Dataset excerpts:
:::

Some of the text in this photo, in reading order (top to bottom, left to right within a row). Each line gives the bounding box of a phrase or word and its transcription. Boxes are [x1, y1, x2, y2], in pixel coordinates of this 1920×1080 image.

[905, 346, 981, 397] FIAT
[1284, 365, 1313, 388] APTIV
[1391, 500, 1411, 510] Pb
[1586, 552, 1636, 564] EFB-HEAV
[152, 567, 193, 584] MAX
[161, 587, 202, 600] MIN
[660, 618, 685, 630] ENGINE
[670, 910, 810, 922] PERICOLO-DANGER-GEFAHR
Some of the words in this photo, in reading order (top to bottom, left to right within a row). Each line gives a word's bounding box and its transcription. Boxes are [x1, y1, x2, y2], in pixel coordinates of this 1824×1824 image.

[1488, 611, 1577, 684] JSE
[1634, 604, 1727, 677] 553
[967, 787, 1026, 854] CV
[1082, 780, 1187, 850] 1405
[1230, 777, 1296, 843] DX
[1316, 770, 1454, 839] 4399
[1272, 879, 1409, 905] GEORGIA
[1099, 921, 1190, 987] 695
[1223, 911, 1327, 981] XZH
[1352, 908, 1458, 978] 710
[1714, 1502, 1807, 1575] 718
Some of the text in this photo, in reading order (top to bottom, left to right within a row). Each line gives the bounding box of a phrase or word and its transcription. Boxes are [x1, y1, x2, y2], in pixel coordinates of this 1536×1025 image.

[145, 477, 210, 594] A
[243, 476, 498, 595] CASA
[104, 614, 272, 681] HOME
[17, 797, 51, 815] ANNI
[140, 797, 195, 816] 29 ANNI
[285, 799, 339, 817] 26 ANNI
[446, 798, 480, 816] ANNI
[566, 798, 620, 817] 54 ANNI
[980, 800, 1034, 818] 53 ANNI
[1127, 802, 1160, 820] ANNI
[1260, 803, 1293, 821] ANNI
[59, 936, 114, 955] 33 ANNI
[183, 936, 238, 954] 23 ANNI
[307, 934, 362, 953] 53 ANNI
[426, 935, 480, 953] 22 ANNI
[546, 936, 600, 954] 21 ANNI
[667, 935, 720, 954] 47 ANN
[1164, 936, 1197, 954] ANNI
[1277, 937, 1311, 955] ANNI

:::

Try it:
All of the data, start to finish: please output it exactly.

Answer space:
Some of the text in this photo, in reading order (top to bottom, left to right within a row). Each line gives the bounding box of a phrase or word and its transcription. Boxes are [x1, y1, x2, y2], in pixel coordinates of this 1920×1080 image.

[905, 346, 981, 397] FIAT
[1284, 365, 1313, 388] APTIV
[1391, 500, 1411, 510] Pb
[1586, 552, 1636, 564] EFB-HEAV
[152, 567, 193, 584] MAX
[161, 587, 202, 600] MIN
[660, 618, 685, 630] ENGINE
[670, 910, 810, 922] PERICOLO-DANGER-GEFAHR
Some of the words in this photo, in reading order (top to bottom, left to right within a row). Each line gives a word's bounding box and its transcription. Boxes are [x1, y1, x2, y2], in pixel coordinates of this 1824×1824 image.

[1488, 611, 1577, 684] JSE
[1634, 604, 1727, 677] 553
[967, 787, 1026, 854] CV
[1082, 780, 1187, 850] 1405
[1230, 777, 1296, 843] DX
[1316, 770, 1454, 839] 4399
[1272, 879, 1409, 905] GEORGIA
[1099, 921, 1190, 987] 695
[1223, 911, 1327, 981] XZH
[1352, 908, 1458, 978] 710
[1714, 1502, 1807, 1575] 718
Some of the text in this photo, in reading order (top to bottom, left to right within a row). Each line gives the bounding box of a phrase or word and its transcription. Boxes are [x1, y1, x2, y2], in pixel coordinates of this 1536×1025 image.

[145, 477, 210, 594] A
[243, 476, 498, 595] CASA
[104, 614, 272, 681] HOME
[17, 797, 51, 815] ANNI
[140, 797, 195, 816] 29 ANNI
[285, 799, 339, 817] 26 ANNI
[446, 798, 480, 816] ANNI
[566, 798, 620, 817] 54 ANNI
[980, 800, 1034, 818] 53 ANNI
[1127, 802, 1160, 820] ANNI
[1260, 803, 1293, 821] ANNI
[59, 936, 114, 955] 33 ANNI
[183, 936, 238, 954] 23 ANNI
[307, 934, 362, 953] 53 ANNI
[426, 935, 480, 953] 22 ANNI
[546, 936, 600, 954] 21 ANNI
[667, 935, 720, 954] 47 ANN
[1164, 936, 1197, 954] ANNI
[1277, 937, 1311, 955] ANNI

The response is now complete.